Construit aux débuts des années 80 pour servir de solution temporaire au problème de trafic sur le principal axe autoroutier du pays, le pont de Jal el-Dib a toujours été voué à être remplacé par un pont plus solide en béton. Mais aujourd’hui, il y a urgence. Le délabrement du pont saute aux yeux. Les fondations métalliques rouillent, le bitume se détache et les rambardes se dévissent. La psychose post-Fassouh a porté ses fruits. Après l’alerte lancée par le ministre des Travaux publics et des Transports, Ghazi Aridi (voir encadré), le Conseil du développement et de la reconstruction a dépêché sur place l’ingénieur Elie Hélou pour examiner le pont. Il a tenté de rassurer l’opinion publique. «L’état du pont est stable et acceptable, et n’a pas changé depuis des mois. Il n’y a pas de danger imminent. Le suivi est constant. Mais cela ne signifie pas que l’ouvrage est en bon état. Nous avons envoyé un message au Conseil des ministres en octobre dernier afin qu’il soit démantelé au plus vite», assènera-t-il.
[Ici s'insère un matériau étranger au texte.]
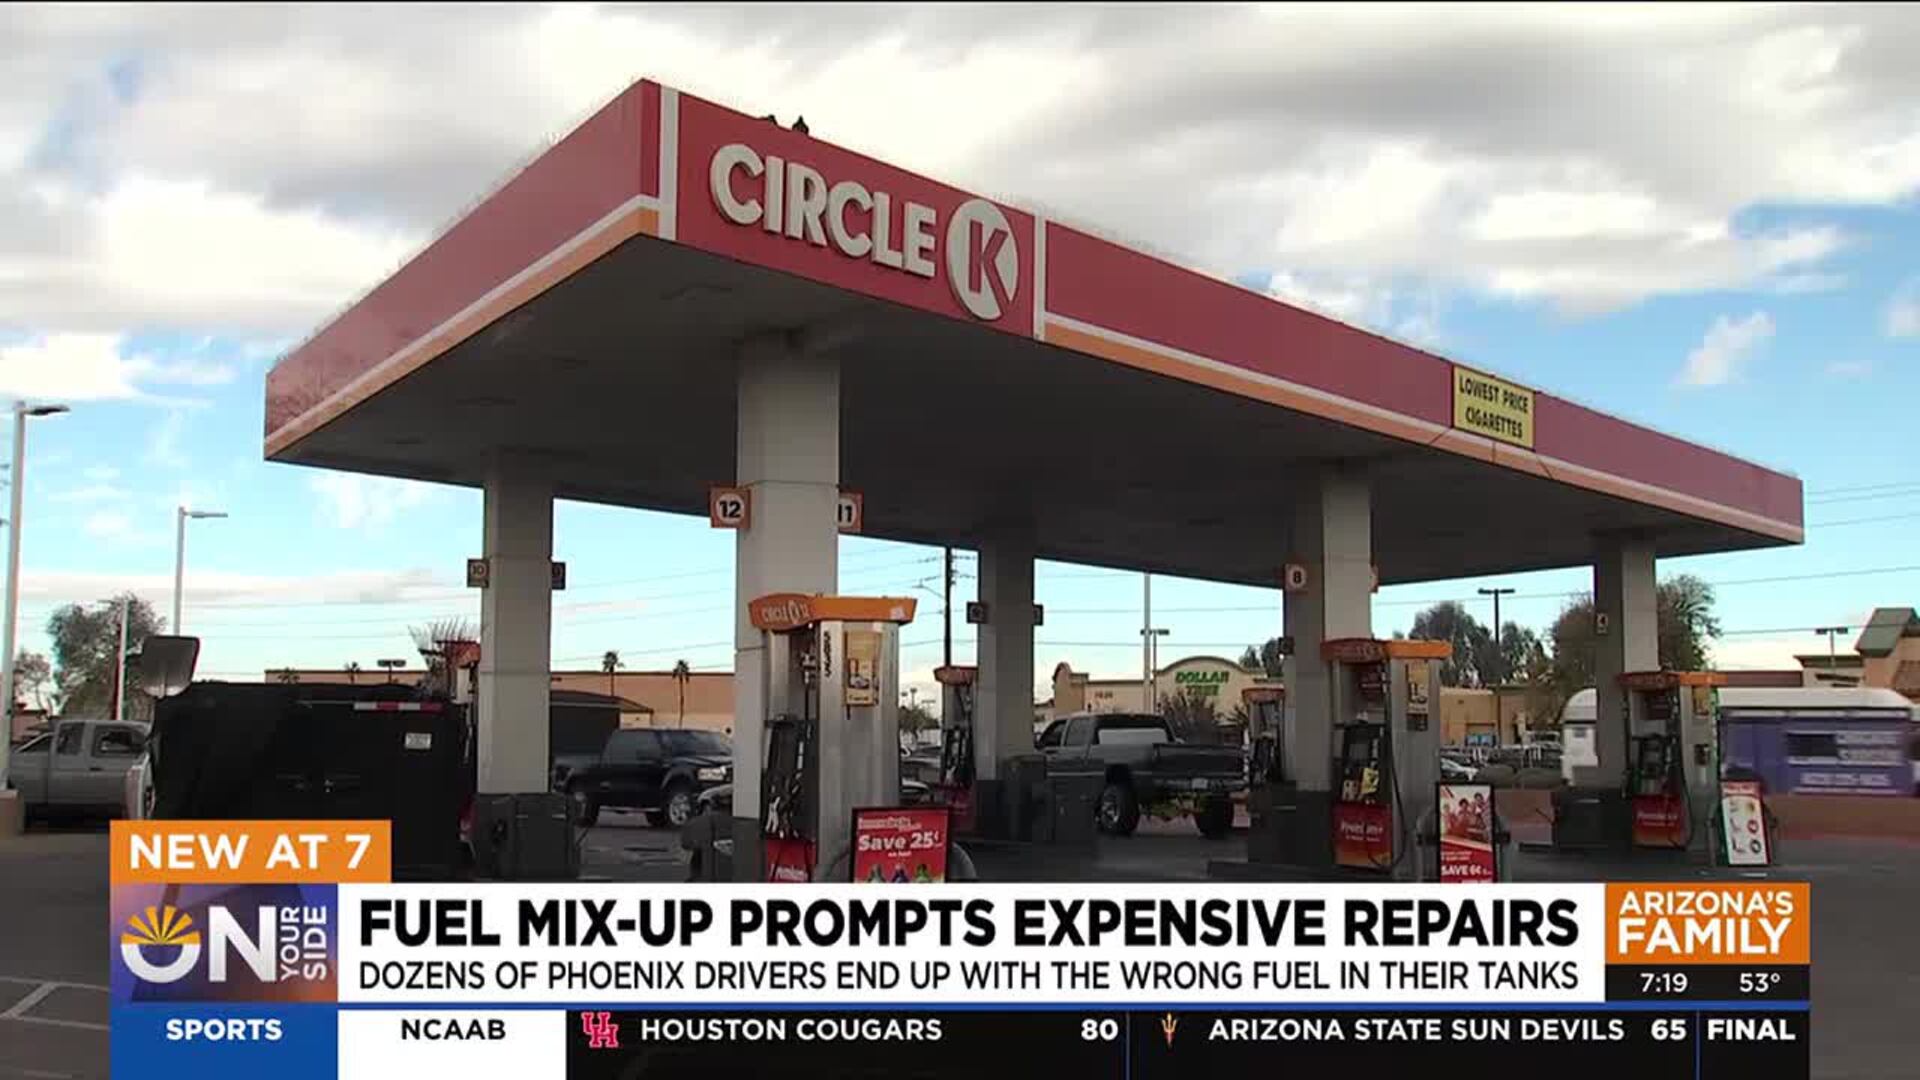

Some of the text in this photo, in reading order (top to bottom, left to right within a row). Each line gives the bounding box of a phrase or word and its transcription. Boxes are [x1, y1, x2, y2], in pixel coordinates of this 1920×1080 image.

[709, 143, 1015, 320] CIRCLE K
[1459, 374, 1529, 414] LOWEST PRICE
[1465, 406, 1523, 438] CIGARETTES
[719, 499, 741, 519] 12
[1293, 570, 1302, 585] 8
[1175, 671, 1230, 684] DOLLAR
[858, 834, 907, 851] Save
[1441, 864, 1469, 876] SAVE
Le même constat qu’il y a plus d’un mois.
Pourtant, cette fois-ci, les autorités ont réagi. Au milieu de la semaine dernière, le ministre de l’Intérieur, Marwan Charbel, a décidé d’interdire aux poids lourds d’emprunter le pont. Et ce mardi, après un exposé détaillé du président du CDR, Nabil Jisr, le Conseil des ministres a autorisé l’organisme à débuter les travaux de démantèlement du pont et la construction d’un pont autoroutier en U, conformément aux plans existants. Mais le dossier est loin d’être clos.
Sept projets de substitution
Bien avant l’appel lancé la semaine dernière par le ministre des Travaux publics et des Transports, la question du pont de Jal el-Dib agite en réalité la région depuis longtemps. «Au cours des vingt dernières années, pas moins de sept projets de substitution ont été proposés par les experts du CDR», explique l’ingénieur Claude Boueiri interrogé par Magazine, qui habite sur les hauteurs de Zalka. «Ils se ressemblent tous, peu ou prou. Tous ont buté sur le refus des municipalités qui longent l’autoroute». Voilà le vrai nœud du problème.
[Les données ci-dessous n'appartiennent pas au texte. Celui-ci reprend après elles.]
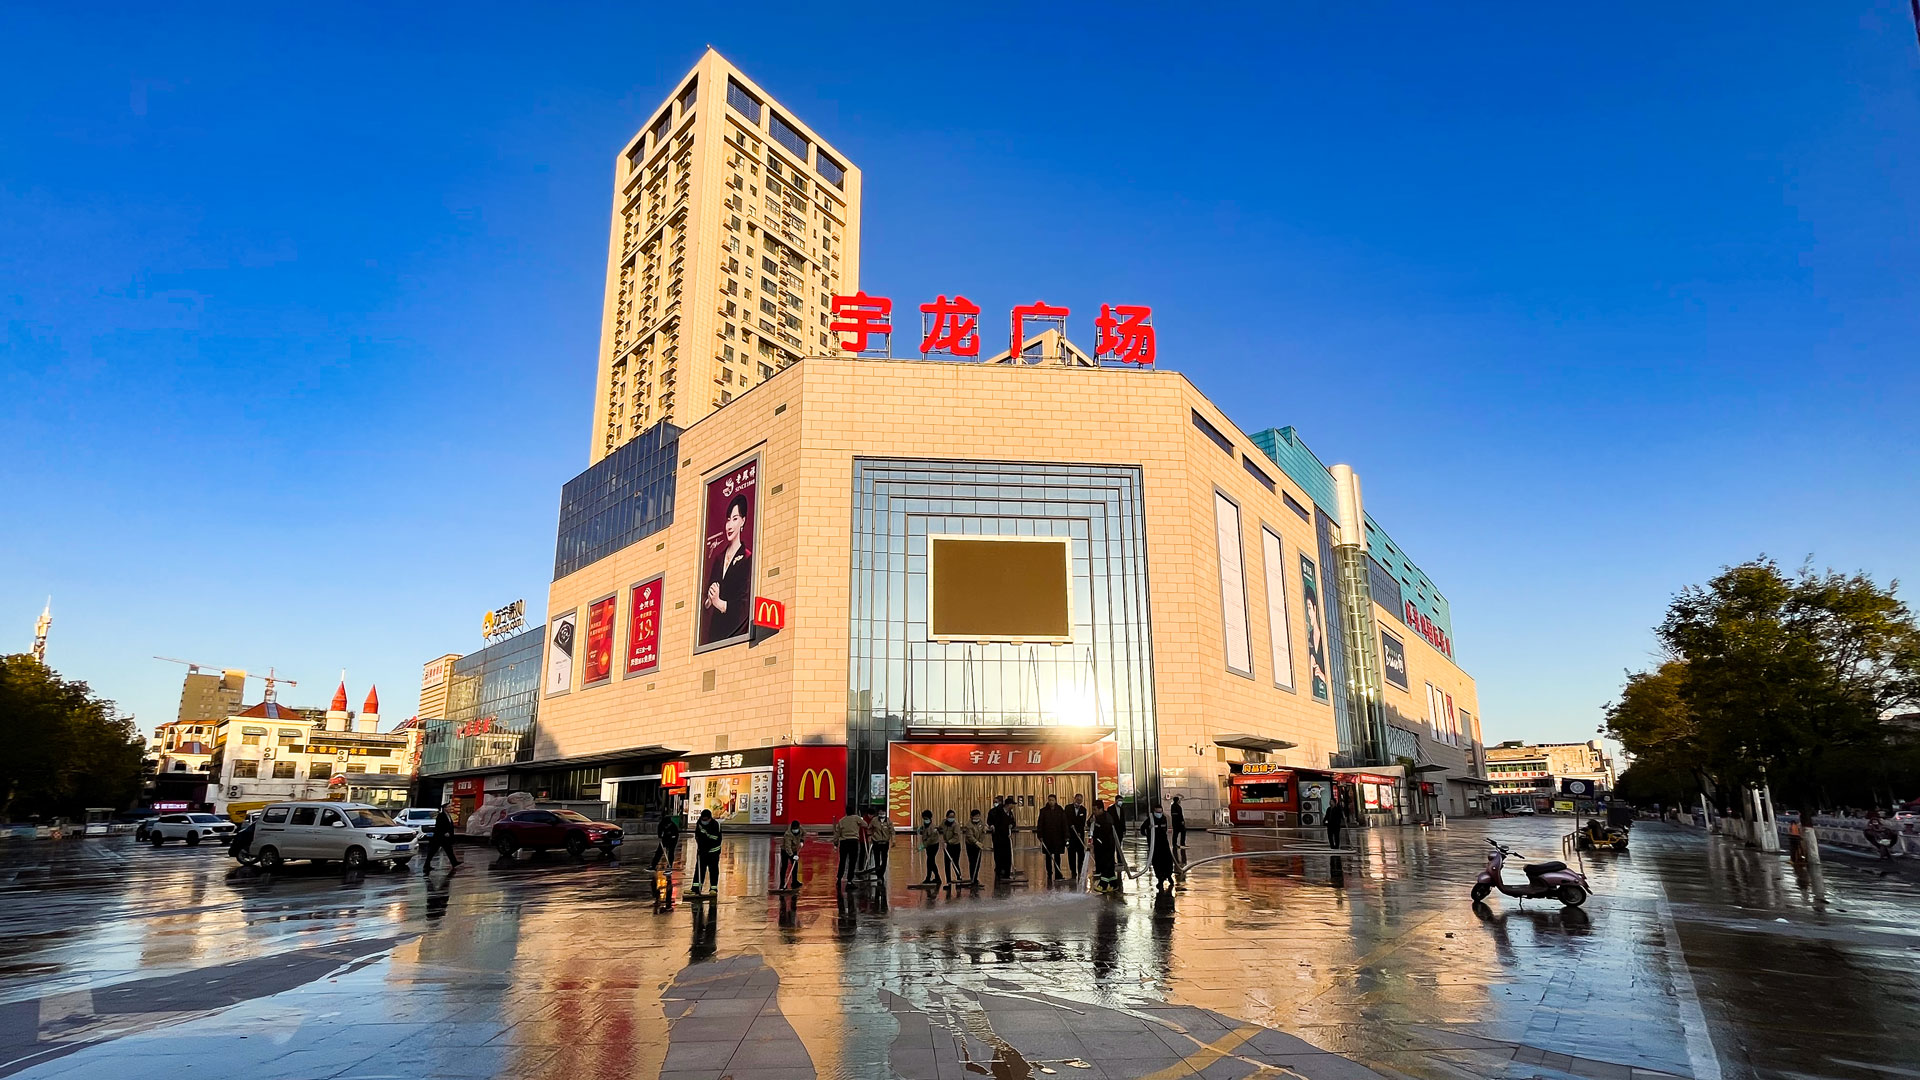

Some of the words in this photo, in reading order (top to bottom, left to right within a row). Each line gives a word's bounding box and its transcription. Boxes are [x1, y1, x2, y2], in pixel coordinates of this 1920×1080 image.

[830, 291, 1157, 364] 宇龙广场
[710, 753, 743, 769] 麦当劳
[969, 749, 1042, 765] 宇龙广场
Le projet du CDR ne se limite pas au remplacement du pont. Il s’agit d’un réaménagement du réseau routier destiné à décongestionner le trafic automobile dans cette zone.
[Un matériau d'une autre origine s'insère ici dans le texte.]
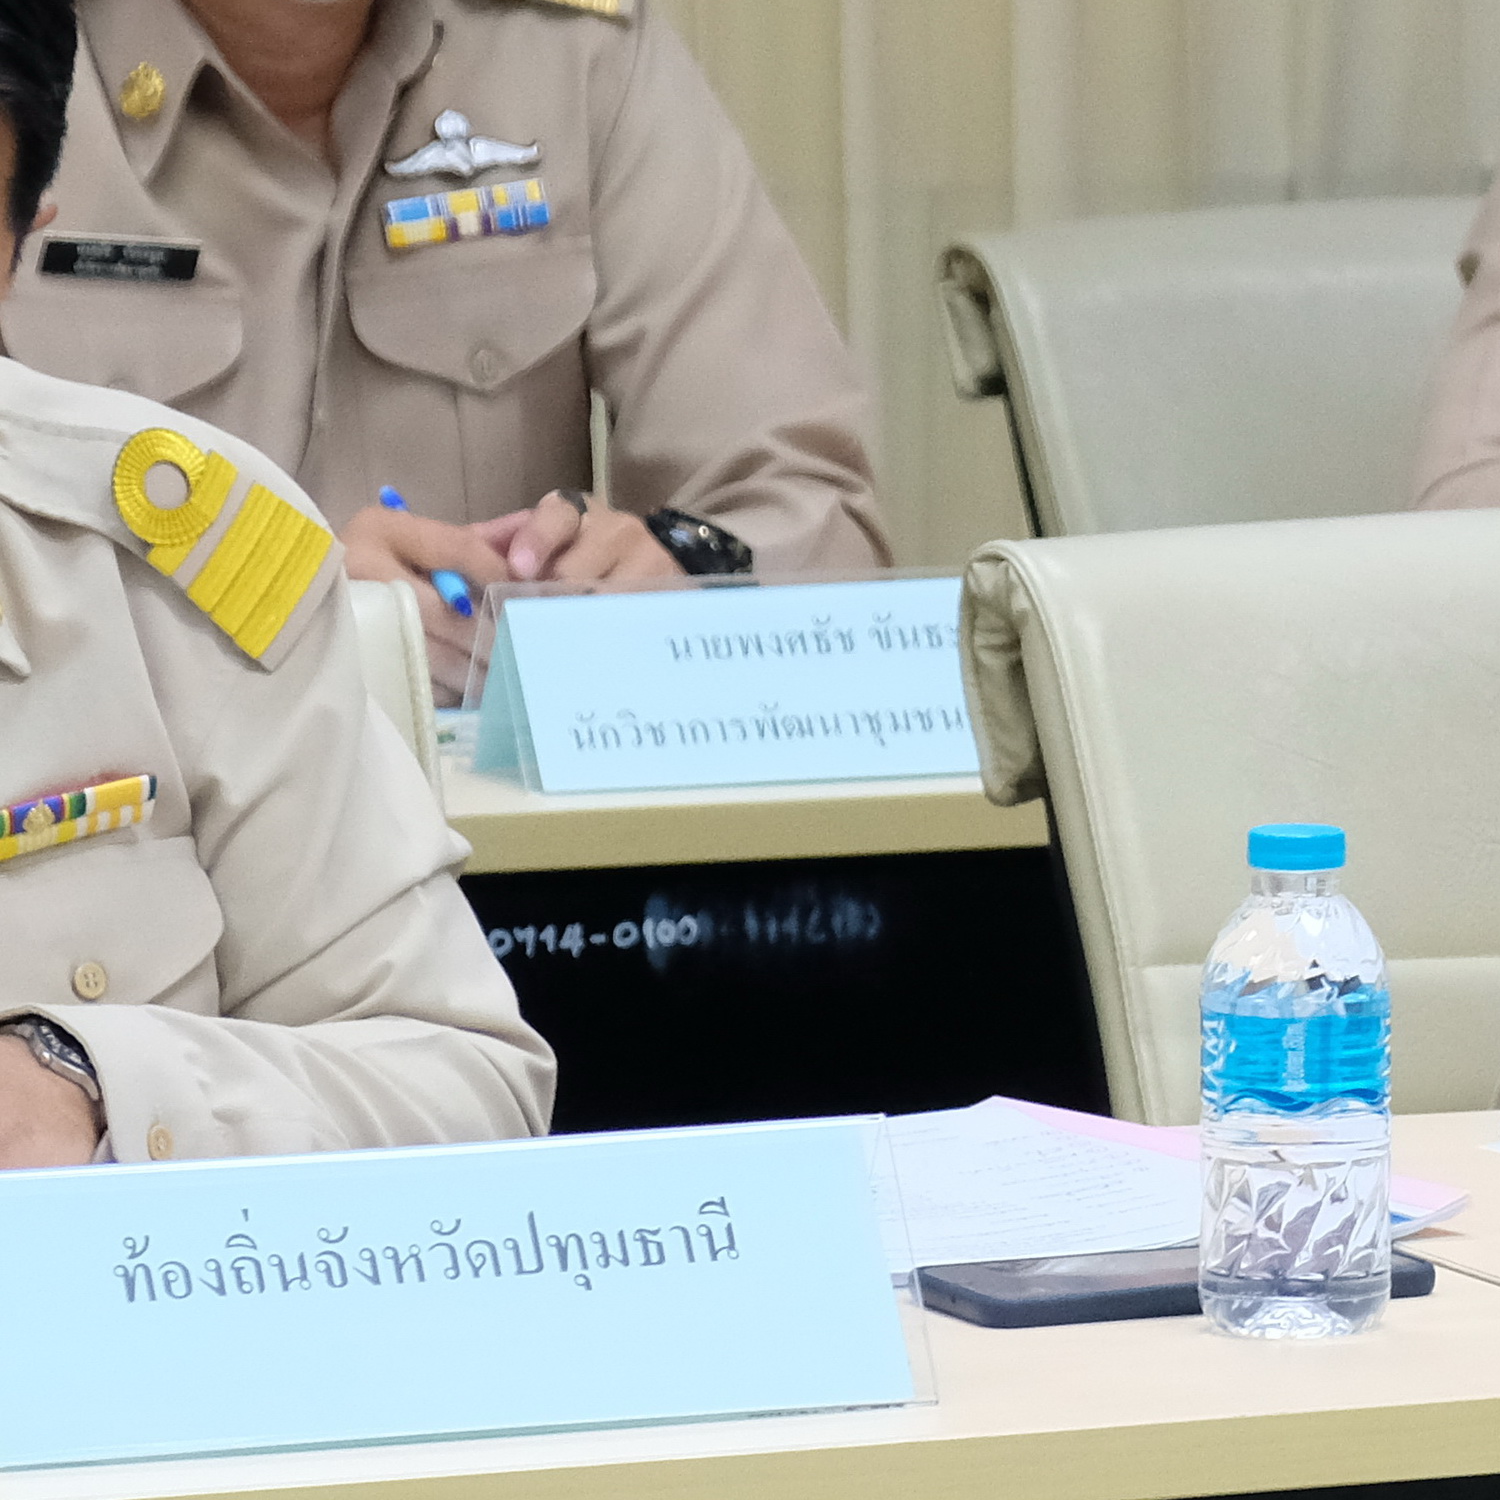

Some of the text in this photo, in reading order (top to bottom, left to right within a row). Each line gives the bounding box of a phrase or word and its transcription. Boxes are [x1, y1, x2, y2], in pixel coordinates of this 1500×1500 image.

[568, 702, 964, 751] นักวิชาการพัฒนาชุมชน
[113, 1196, 741, 1304] ท้องถิ่นจังหวัดปทุมธานี
Les sept versions du projet du CDR, qui diffèrent selon les critères géographiques, nécessitent des travaux qui débordent à l’intérieur des municipalités en périphérie de l’autoroute qui, elle, est du ressort des autorités de l’Etat. En plus du pont en U qui sera construit sur l’autoroute, il va falloir aménager deux bretelles. Dans le projet directeur, la première, qui permettra aux automobilistes venant du nord d’entrer à Jal el-Dib, doit déboucher en fait sur la rue Salhab gérée, elle, par la municipalité d’Antélias, qui donne accès à la route intérieure parallèle à l’autoroute. La deuxième, de la route intérieure à l’autoroute, doit mener les habitants de Jal el-Dib vers la capitale.
Or le projet implique des modifications sur les communes en question, comme des démolitions ou des expropriations de terrain. Pour mettre en œuvre le projet dans sa globalité, le CDR doit donc avoir l’approbation des municipalités de Jal el-Dib, Antélias et Amaret Chalhoub-Zalka. Jusqu’à aujourd’hui, c’est là que le bât blesse. Les maires craignent deux choses. D’abord, que le projet ne finisse par simplement déplacer le bouchon de l’autoroute aux artères intérieures dans leur commune. Et ensuite, que le CDR, financé par l’Etat, en investissant le moins d’argent possible en travaux, aille vers le moins-disant.
Projet de recours bientôt?
Dans l’idéal, les maires seraient plutôt favorables à un pont à plusieurs bretelles qui desserviraient toutes leurs municipalités. Claude Boueiri reprend l’argument financier. «Le projet global du CDR coûterait entre 9 et 10 millions de dollars. S’il fallait rajouter des bretelles, il faudrait débourser 20 millions de plus. Et puis, les espaces dans ces villes sont assez réduits». Il y a un terrain d’entente à trouver.
Et pour mettre tout le monde d’accord, le gouvernement a fait appel de ses membres les plus discrets. Samir Mokbel est un vice-Premier ministre qui ne fait pas de vagues. Pourtant, si la question du pont de Jal el-Dib est aujourd’hui réactivée, on le lui doit en grande partie. Diplômé d’ingénierie civile et président-fondateur d’une grande société de construction, il a été chargé par le gouvernement de suivre le dossier avec ses principaux acteurs. Depuis le mois d’octobre dernier, il réunit régulièrement Nabil Jisr, le président du conseil municipal de Jal el-Dib, Edouard Abou Jaoudé, son homologue d’Antélias, Elie Farhat et le directeur général des Municipalités, rattaché au ministère de l’Intérieur, Khalil Hajal.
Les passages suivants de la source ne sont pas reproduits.